What needs to be done
Each entry below needs to be transcribed verbatim; the images should not appear.

Recorded data
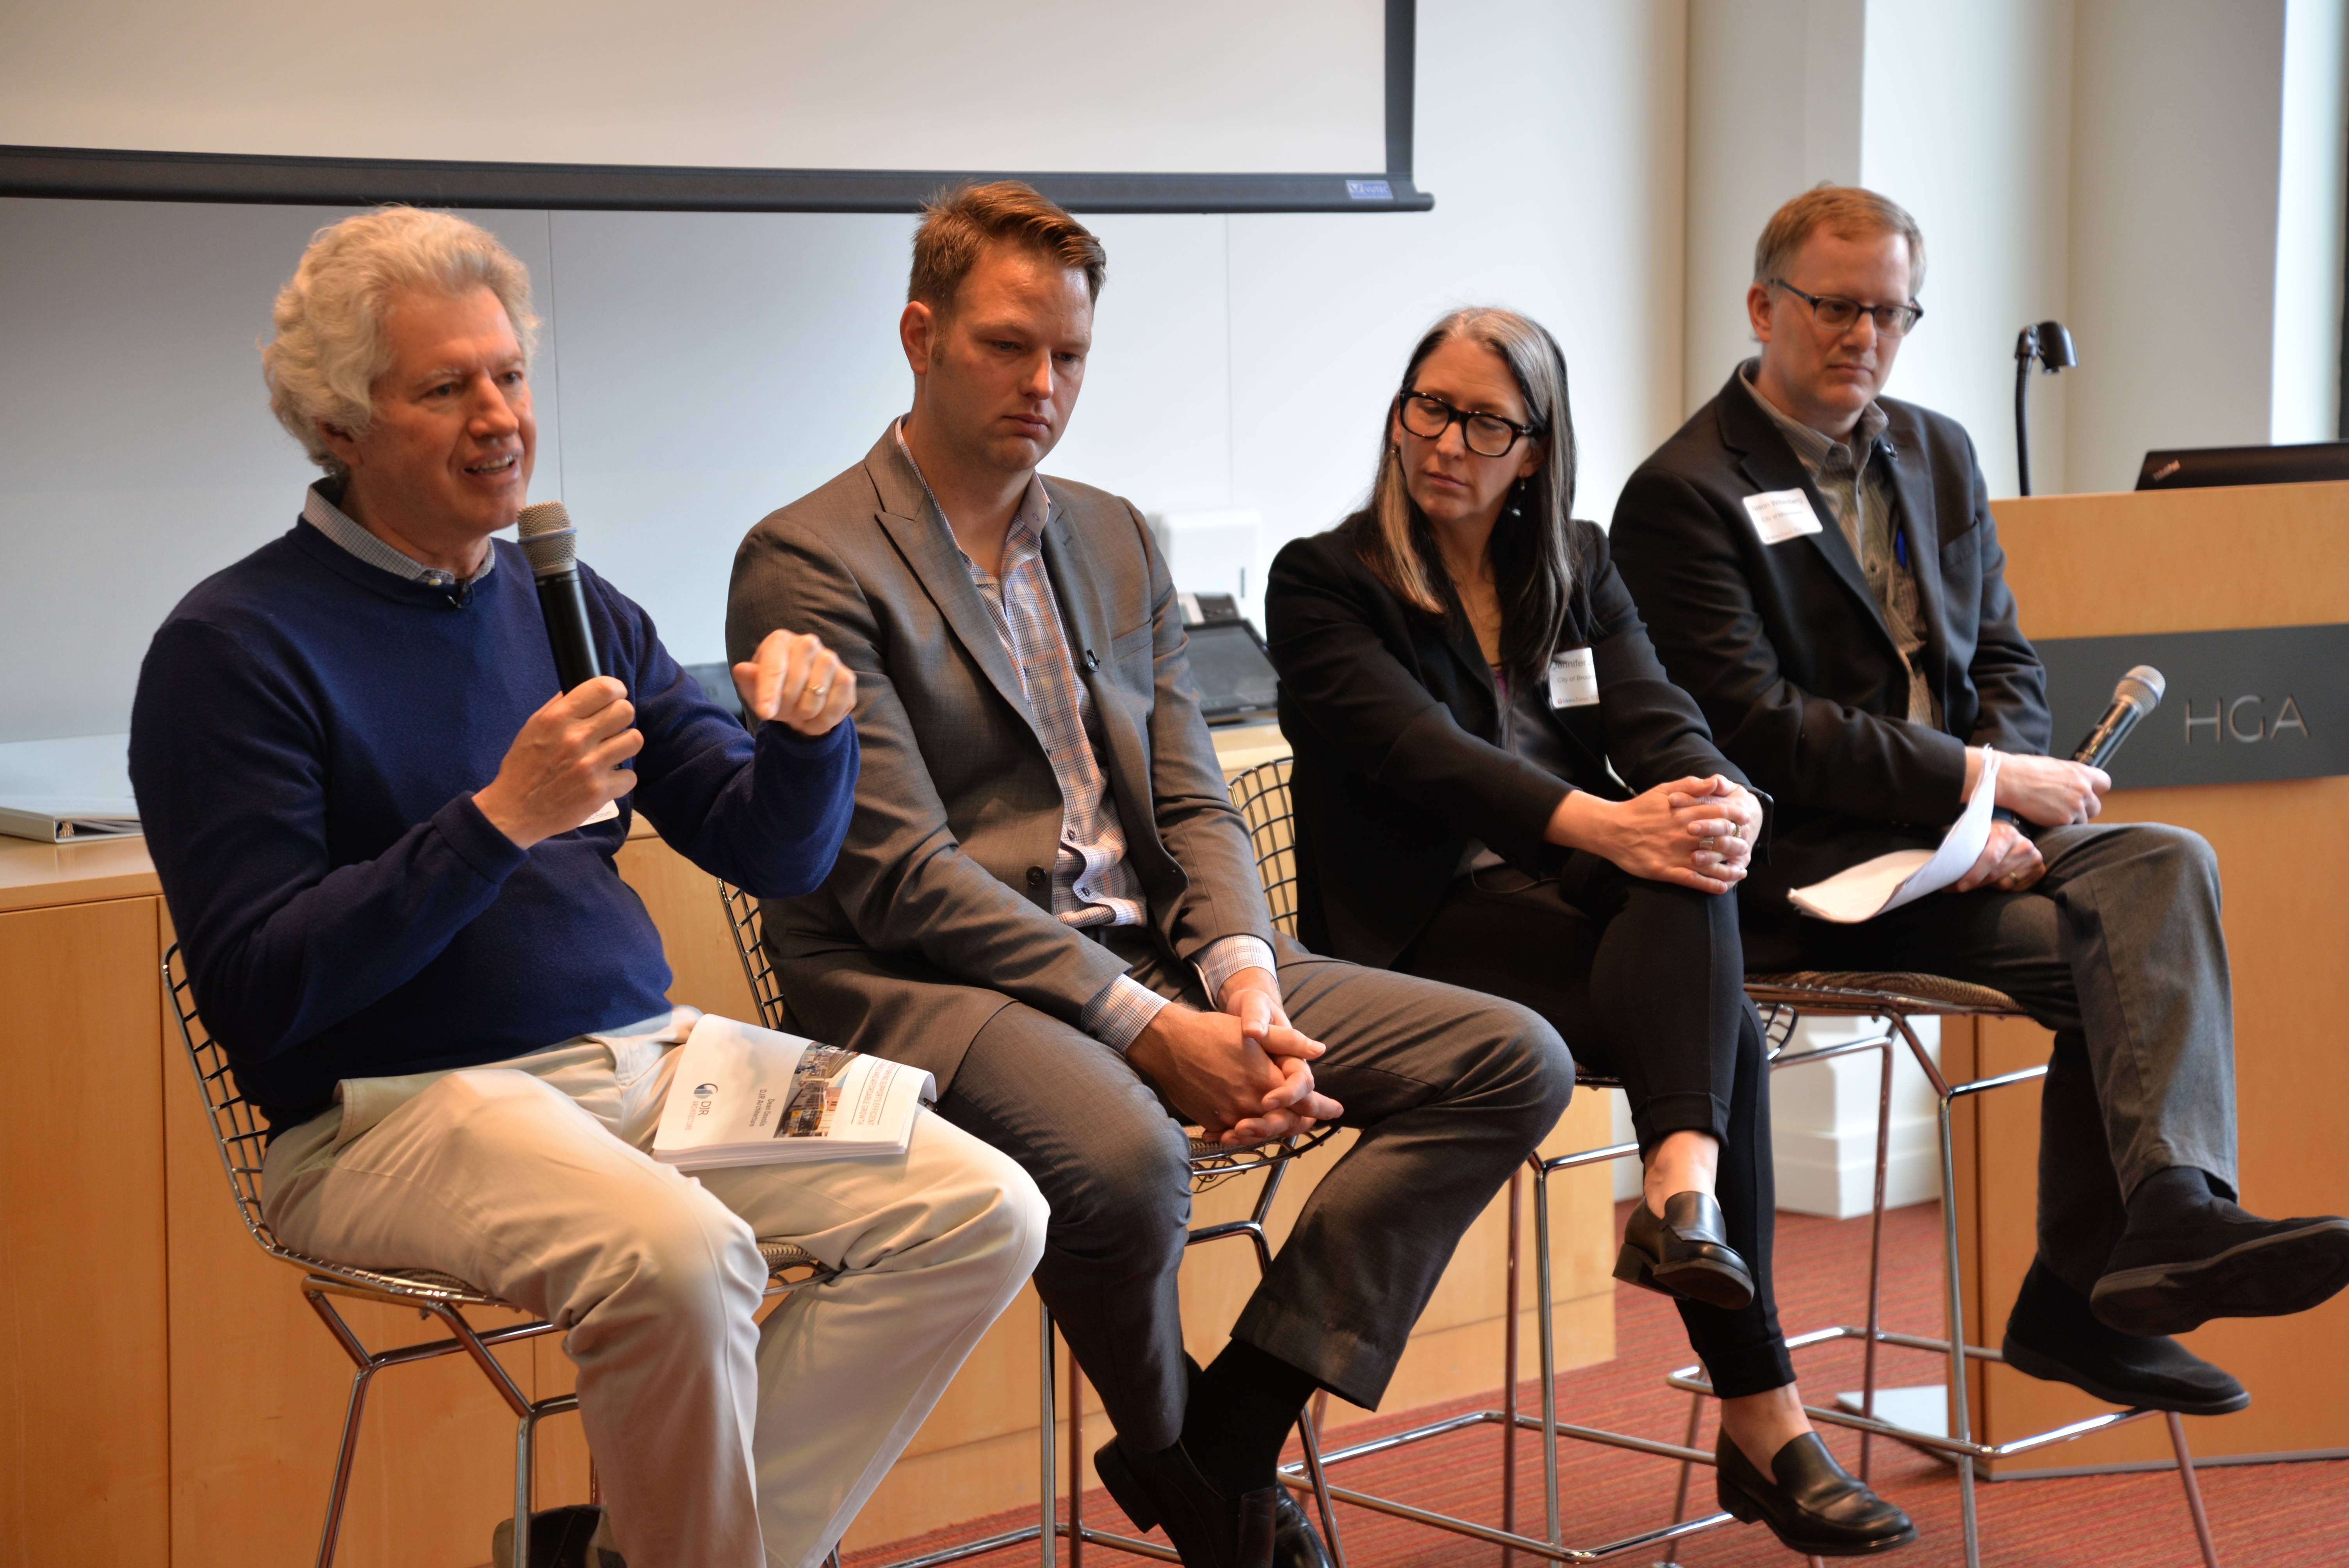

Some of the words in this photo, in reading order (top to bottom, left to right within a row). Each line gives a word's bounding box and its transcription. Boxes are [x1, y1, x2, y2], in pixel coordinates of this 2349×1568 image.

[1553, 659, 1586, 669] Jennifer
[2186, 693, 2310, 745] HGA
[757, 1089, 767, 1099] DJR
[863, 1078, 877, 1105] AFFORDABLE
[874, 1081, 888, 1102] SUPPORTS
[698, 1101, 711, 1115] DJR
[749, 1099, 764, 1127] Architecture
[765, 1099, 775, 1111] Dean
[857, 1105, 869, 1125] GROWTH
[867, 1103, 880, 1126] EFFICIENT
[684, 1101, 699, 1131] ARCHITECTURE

Answer for this exercise
Some of the words in this photo, in reading order (top to bottom, left to right within a row). Each line gives a word's bounding box and its transcription. Boxes are [x1, y1, x2, y2], in pixel coordinates of this 2349×1568 image.

[1553, 659, 1586, 669] Jennifer
[2186, 693, 2310, 745] HGA
[757, 1089, 767, 1099] DJR
[863, 1078, 877, 1105] AFFORDABLE
[874, 1081, 888, 1102] SUPPORTS
[698, 1101, 711, 1115] DJR
[749, 1099, 764, 1127] Architecture
[765, 1099, 775, 1111] Dean
[857, 1105, 869, 1125] GROWTH
[867, 1103, 880, 1126] EFFICIENT
[684, 1101, 699, 1131] ARCHITECTURE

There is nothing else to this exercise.